Depuis quelques jours, une ombre plane sur les rues de la capitale. « Faites attention », « Ne montez pas dans n’importe quel taxi » : les avertissements tournent en boucle sur les réseaux sociaux, créant un véritable climat de panique chez les Kinois. Face à cette montée de l’angoisse, le gouvernement a profité du dernier Conseil des ministres pour mettre les points sur les i.
Des chiffres qui calment le jeu ?
Alors que beaucoup craignaient une vague d’enlèvements organisés, l’exécutif congolais a été très clair : il s’agirait, pour l’essentiel, de fausses alertes. Selon les rapports présentés durant la réunion, les services de sécurité ont passé au peigne fin dix-huit cas signalés récemment.
Le verdict est tombé, sec et direct : « Ces cas relèvent plus de rumeurs que de la réalité ». Après vérification, aucune des disparitions signalées ces derniers jours n’a pu être confirmée comme un enlèvement criminel avéré. Pour les autorités, la psychose qui s’est emparée de certains quartiers n’a donc pas de fondement concret.

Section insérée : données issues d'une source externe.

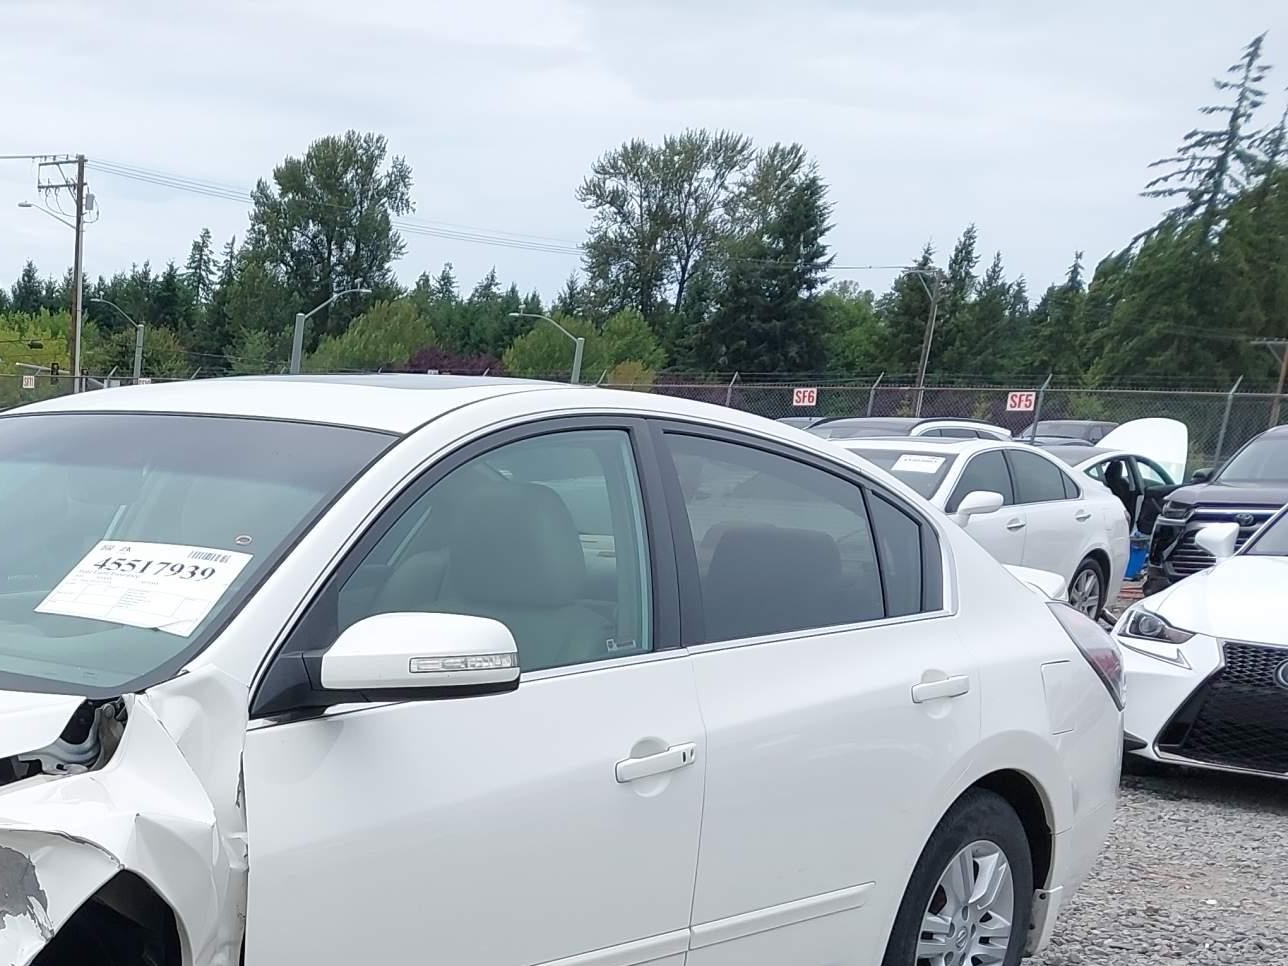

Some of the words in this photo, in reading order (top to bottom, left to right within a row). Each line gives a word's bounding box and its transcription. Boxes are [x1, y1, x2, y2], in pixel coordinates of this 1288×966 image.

[795, 390, 815, 404] SF6
[1009, 393, 1033, 409] SF5
[93, 556, 216, 582] 45517939

Appel au calme et à la vigilance
On le sait, à Kinshasa, la rumeur voyage plus vite que l’information officielle. Le gouvernement ne l’ignore pas et a tenu à recadrer les choses. Tout en demandant aux citoyens de ne pas relayer n’importe quoi sur internet, il rappelle que la prudence reste de mise.
L’idée n’est pas de nier que le danger existe, mais de stopper la propagation de fausses nouvelles qui paralysent la ville. Les forces de l’ordre, quant à elles, assurent rester sur le qui-vive. L’instruction est donnée : chaque alerte sera vérifiée, et chaque cas suspect doit être remonté immédiatement aux services de sécurité.